The state's hydrography is very poor. All the rivers flow north, either into the Caribbean Sea or the Gulf of Venezuela. However, the main Venezuelan river of the Caribbean basin, the Tocuyo, bathes a large area of the state before flowing into the Caribbean on the east coast of the state after travelling 423 km. Another river worth mentioning that flows into the Caribbean is Rio Aroa, with a length of 130 km. From the basin of the Gulf of Venezuela, the main ones are the Matícora (201 km) and the Mitare with 120 km.

- Main rivers: Tocuyo, Aroa, Güigüe, Hueque, Matícora, Mitare, Pedregal, Remedios, Ricoa, San Luis.
- Lakes: under the San Luis mountain range in the Cueva del Toro, there is an underground lake, the largest known in Venezuela, called "Río Acarite".

===Flora and fauna===
The Caribbean marine life off the coast is very rich. There is a great diversity of algae on the rocky shores and on the reef bottoms. The rich fishing grounds have been known for centuries; among the species that are caught locally are various shrimp, octopus, squid, mackerel, corocoro, mullet, horse mackerel, lebranche and dogfish.

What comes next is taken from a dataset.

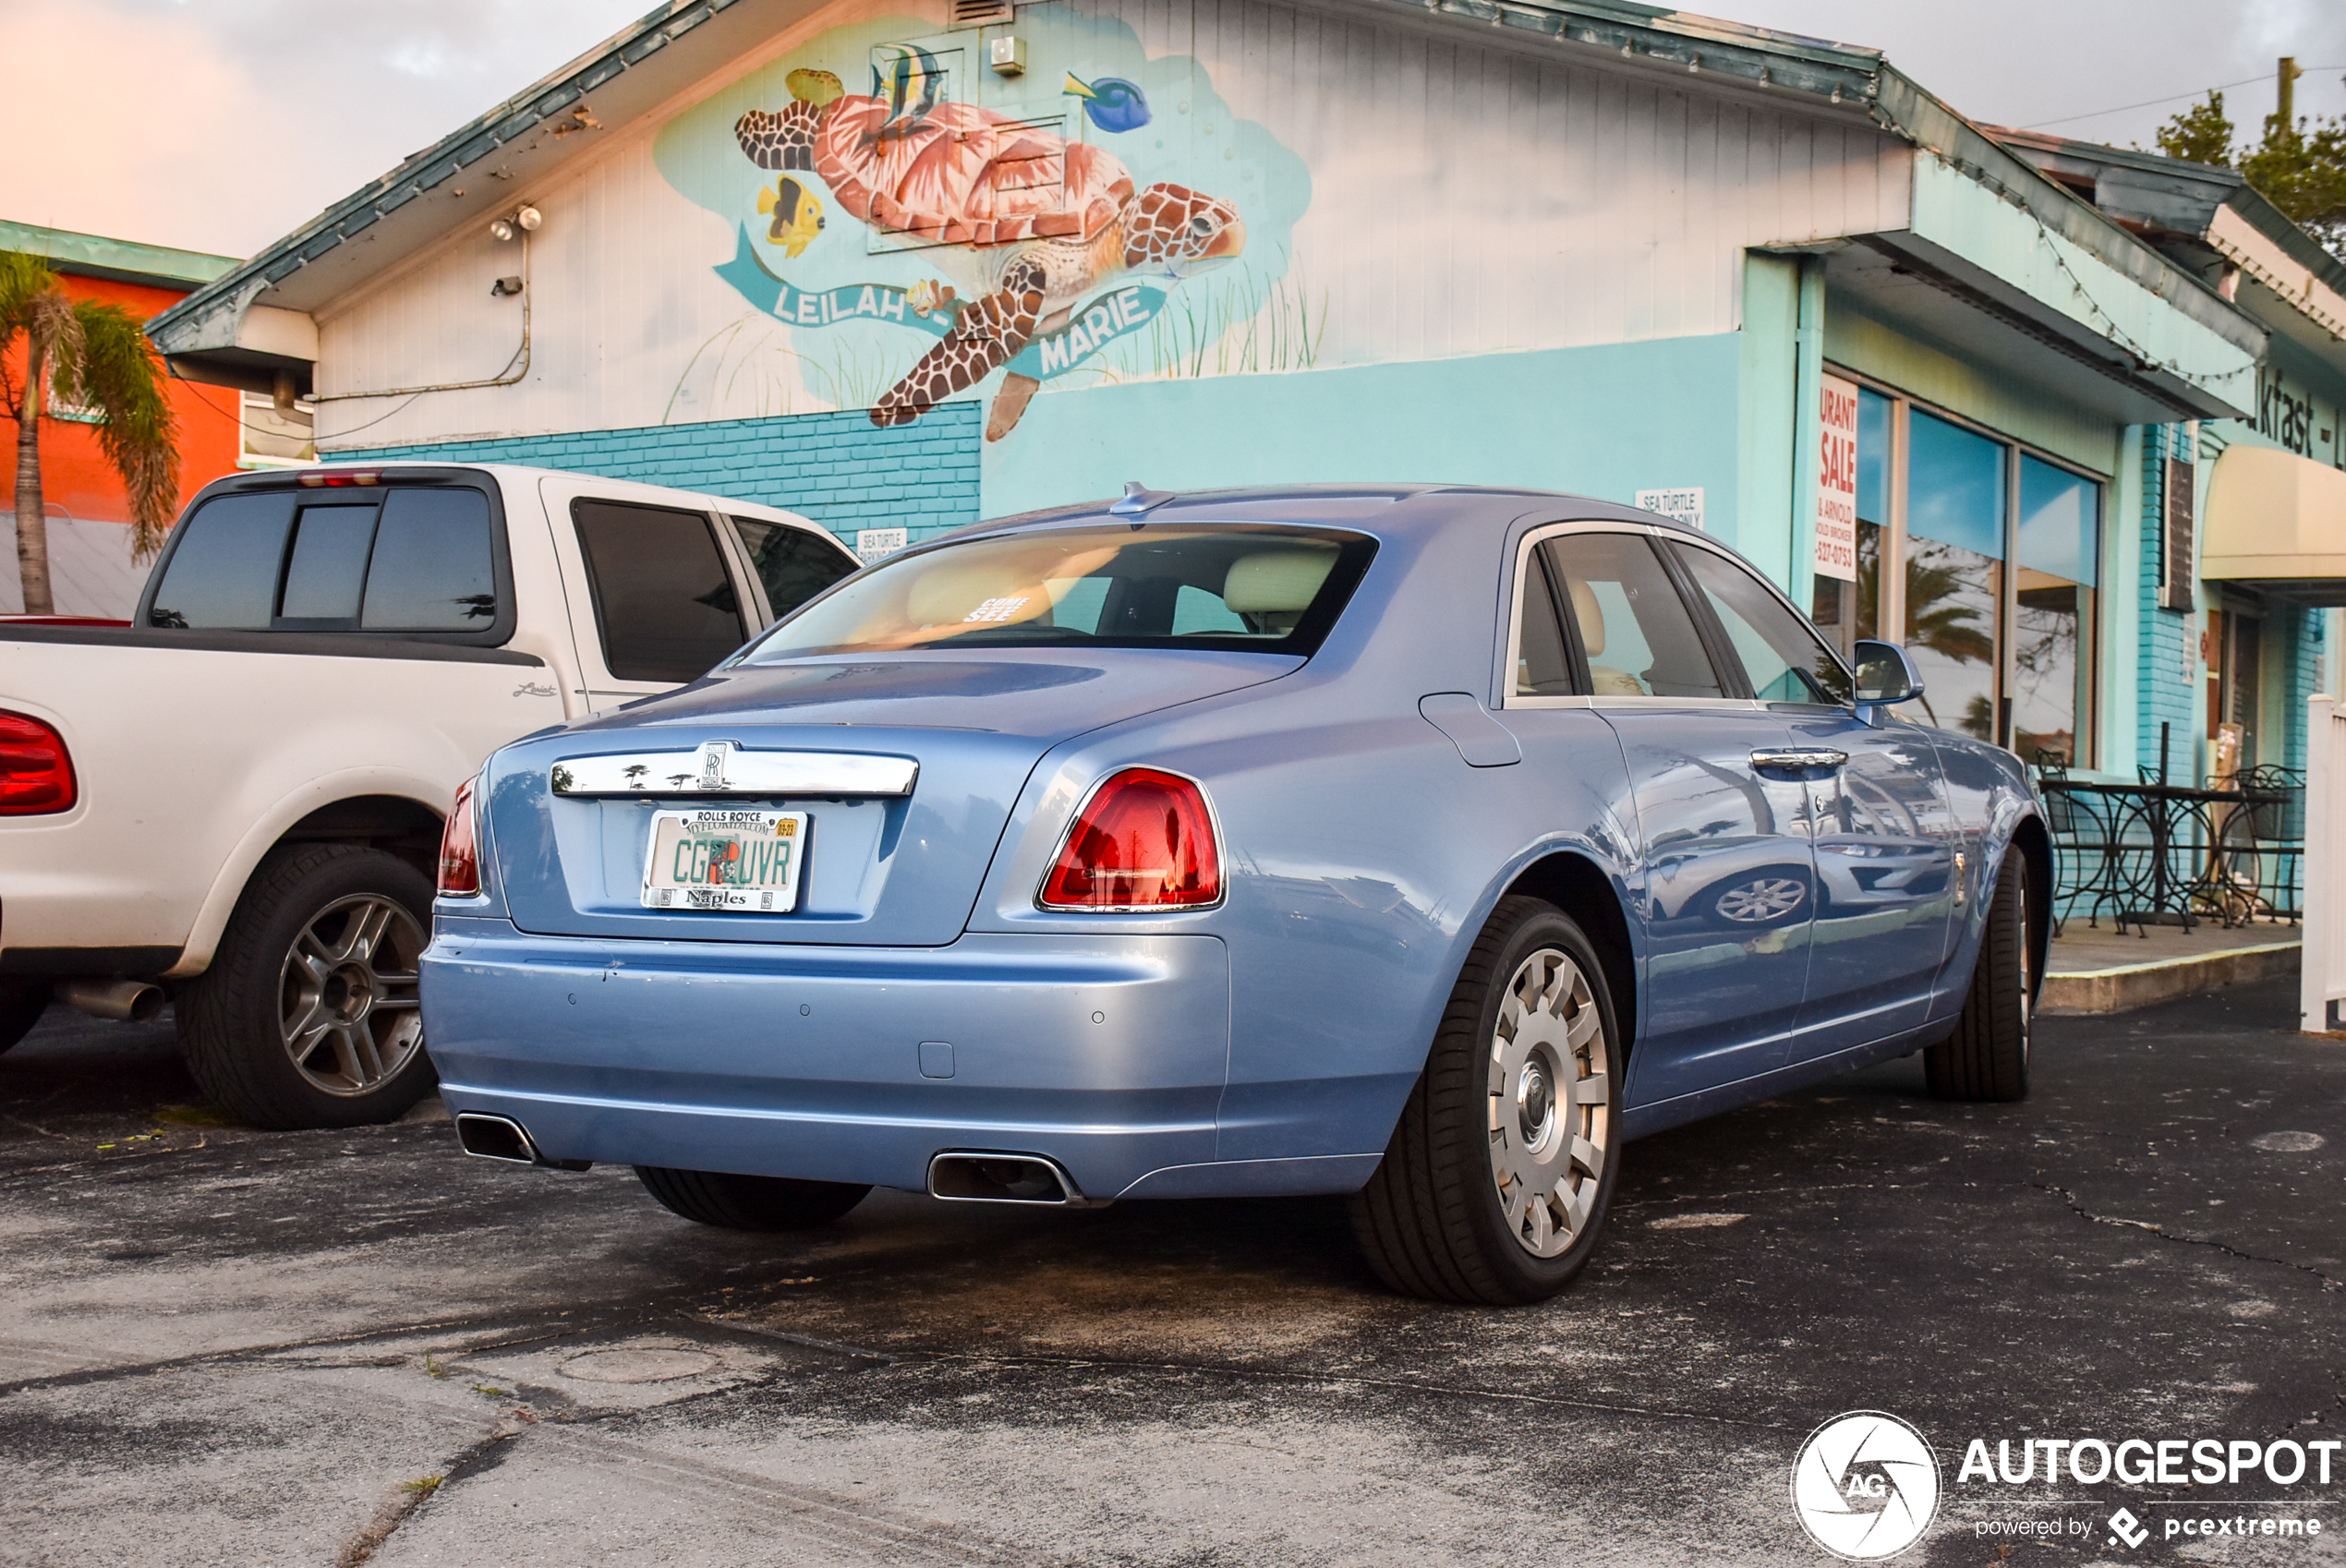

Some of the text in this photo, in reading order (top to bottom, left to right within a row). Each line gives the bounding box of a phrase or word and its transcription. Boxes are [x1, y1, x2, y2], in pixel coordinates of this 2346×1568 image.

Other species in the area are endangered and highly protected, such as several types of sea turtle and the critically endangered Orinoco crocodile. The latter inhabits the coastal mangroves of Morrocoy, Cuare Wildlife Refuge, and the isthmus, along with the numerous species of wading and seabirds, such as shearwater, herons, scarlet ibis, gannets and the Caribbean flamingo. Among the many invertebrates, the Hueque scorpion (Tityus falconensis), named after the region and discovered in the caves of the Juan Crisóstomo Falcón National Park, is found throughout Falcón; the Scolopendra gigantea, which is the largest centipede in the world, and the vivid greenbottle-blue tarantula (Chromatopelma cyaneopubescens), of Paraguaná, are also native to the region.

In the cactus and spiny forests that encompass the lowlands, plants heavily armed with thorns predominate, such as cují yaque (Falcón's emblematic tree), broom, yabo, espinito, Opuntia (also known as tuna, e.g. prickly-pear) and Pachycereus pringlei (or cardones). Introduced succulents, such as Aloe vera and sisal plants, are scattered throughout the region. Fauna in this habitat includes bats, rabbits, foxes, rodents, iguanas and lizards; among the birds are the vermilion cardinal and the tropical mockingbird, also known as paraulata llanera or chuchube (Mimus gilvus).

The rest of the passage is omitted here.